── Supplied data ──

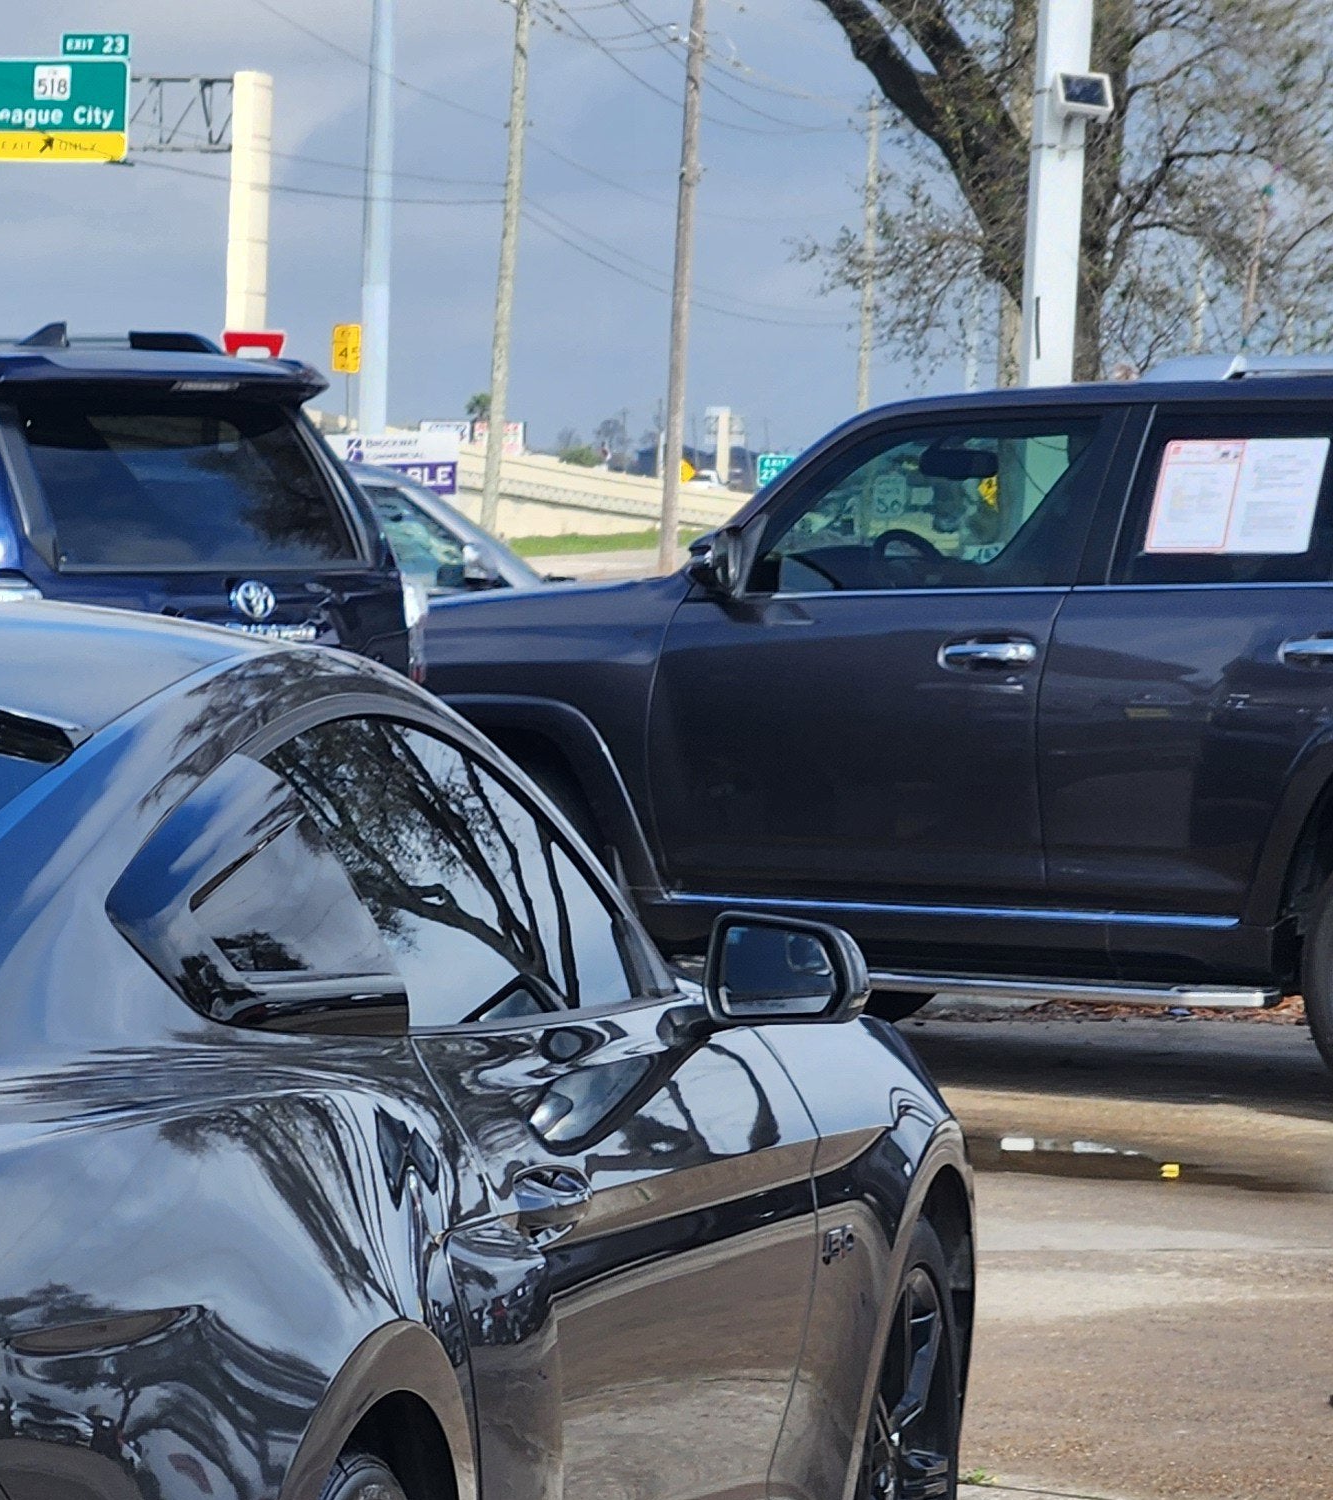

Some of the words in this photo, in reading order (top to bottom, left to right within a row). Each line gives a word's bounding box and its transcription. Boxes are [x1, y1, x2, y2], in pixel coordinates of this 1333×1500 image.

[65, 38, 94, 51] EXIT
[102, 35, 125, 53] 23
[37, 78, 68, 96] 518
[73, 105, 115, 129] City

───

What you have to do >> Would you please print the entries once more, word for word, minus the pictures?

Result of the task >>
Some of the words in this photo, in reading order (top to bottom, left to right within a row). Each line gives a word's bounding box and its transcription. Boxes are [x1, y1, x2, y2], in pixel coordinates of this 1333×1500 image.

[65, 38, 94, 51] EXIT
[102, 35, 125, 53] 23
[37, 78, 68, 96] 518
[73, 105, 115, 129] City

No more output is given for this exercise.